____ RECORDS PROVIDED

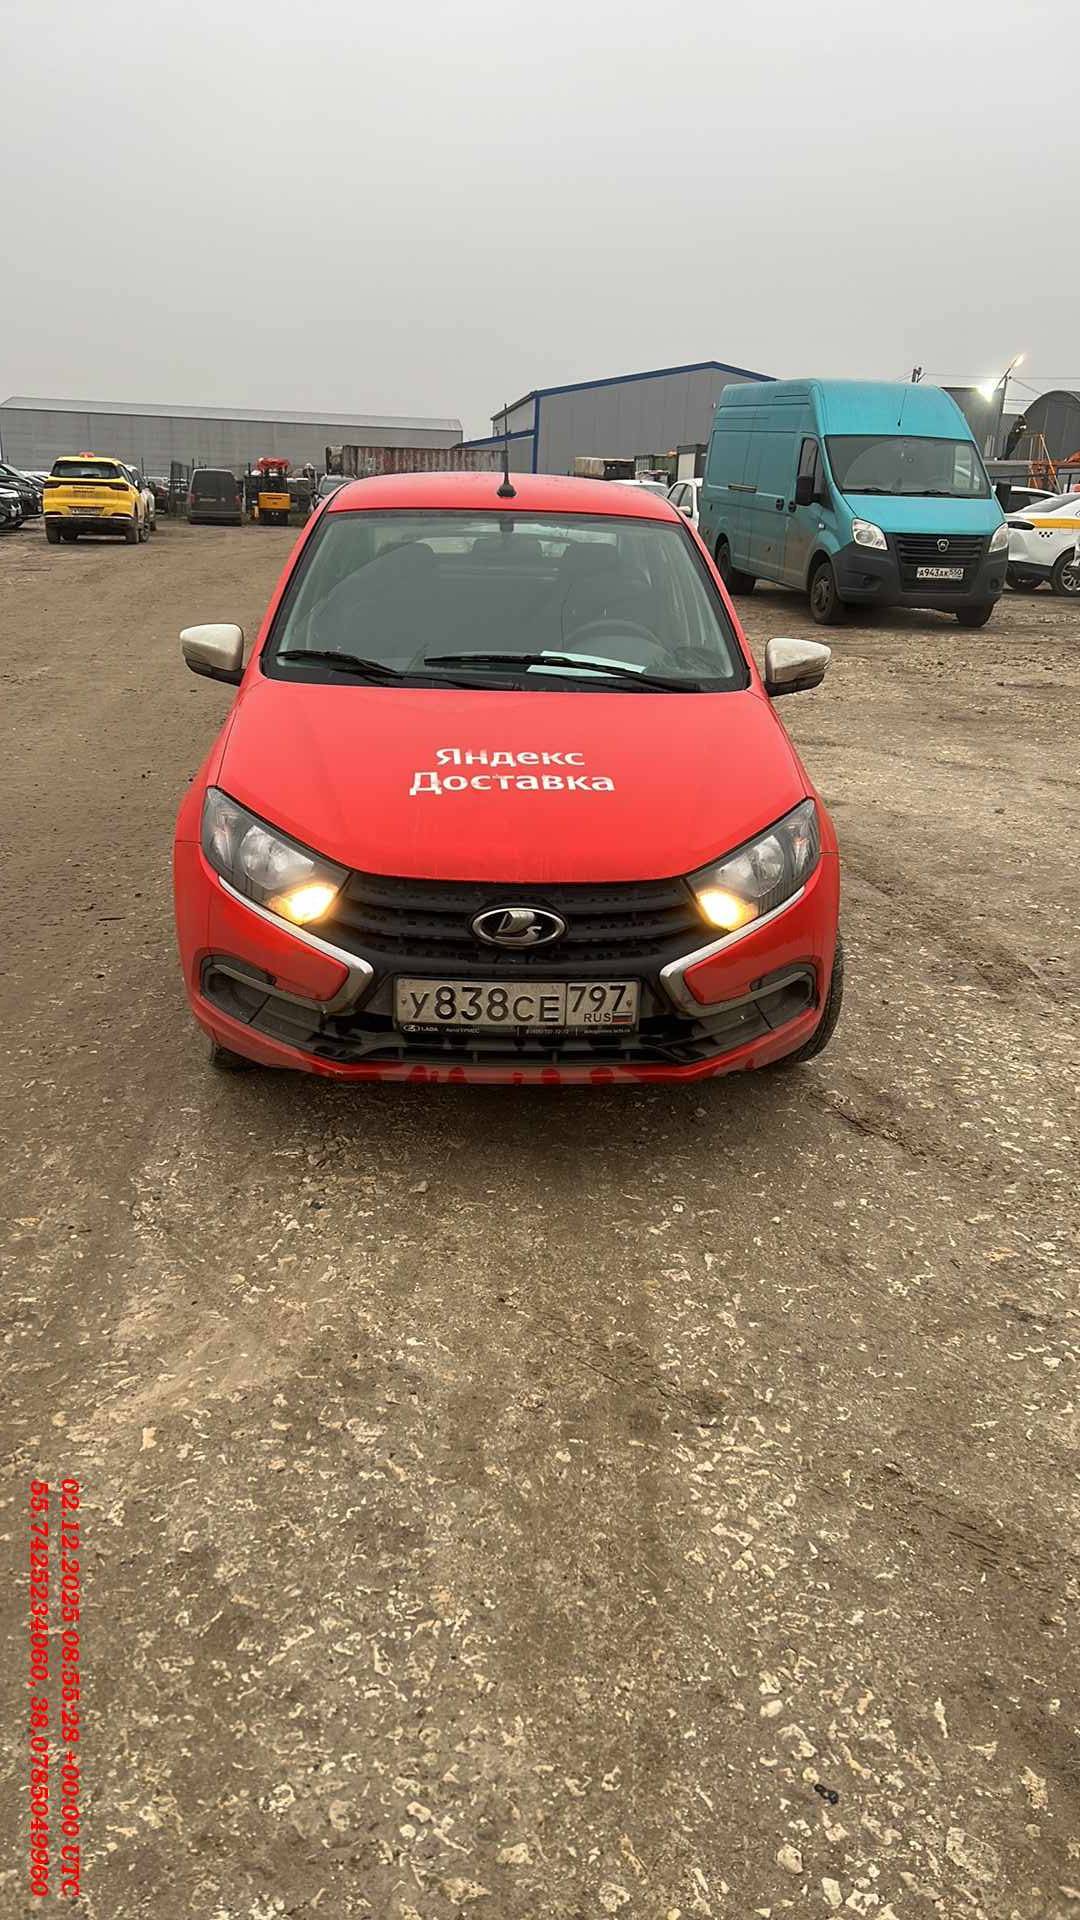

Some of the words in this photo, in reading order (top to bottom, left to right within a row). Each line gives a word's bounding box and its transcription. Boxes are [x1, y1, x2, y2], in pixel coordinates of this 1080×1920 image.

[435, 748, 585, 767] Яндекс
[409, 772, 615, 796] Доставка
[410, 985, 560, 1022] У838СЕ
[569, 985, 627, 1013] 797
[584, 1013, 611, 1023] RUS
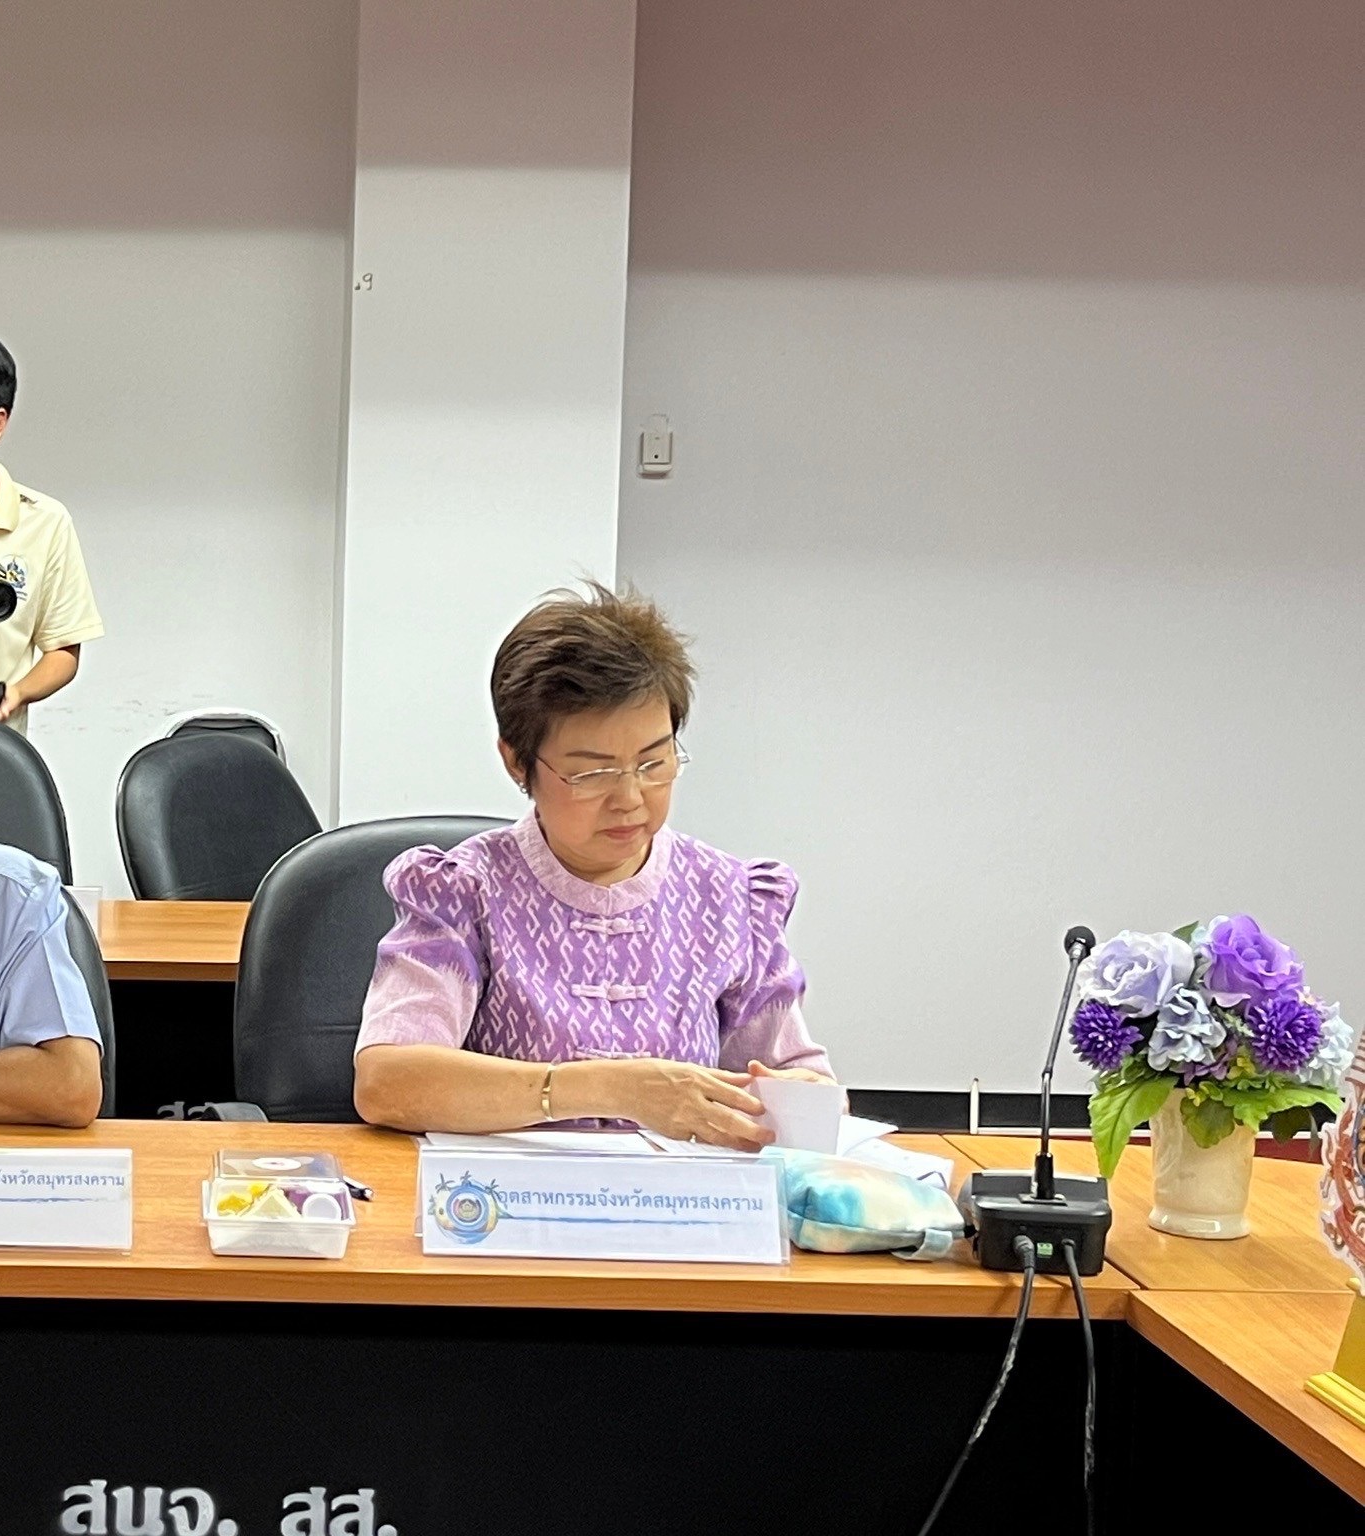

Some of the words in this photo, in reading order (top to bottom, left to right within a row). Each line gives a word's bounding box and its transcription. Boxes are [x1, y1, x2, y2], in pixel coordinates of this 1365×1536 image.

________

__WHAT IS NEEDED__
When you retype the records, keep every word exactly as written and exclude the pictures.

__TASK SOLUTION__
Some of the words in this photo, in reading order (top to bottom, left to right within a row). Each line gives a word's bounding box and its transcription. Boxes are [x1, y1, x2, y2], in pixel coordinates of this 1080×1920 image.

[435, 748, 585, 767] Яндекс
[409, 772, 615, 796] Доставка
[410, 985, 560, 1022] У838СЕ
[569, 985, 627, 1013] 797
[584, 1013, 611, 1023] RUS

Some of the words in this photo, in reading order (top to bottom, left to right within a row). Each line gives a word's bounding box and its transcription. Boxes are [x1, y1, x2, y2], in pixel coordinates of this 1365×1536 image.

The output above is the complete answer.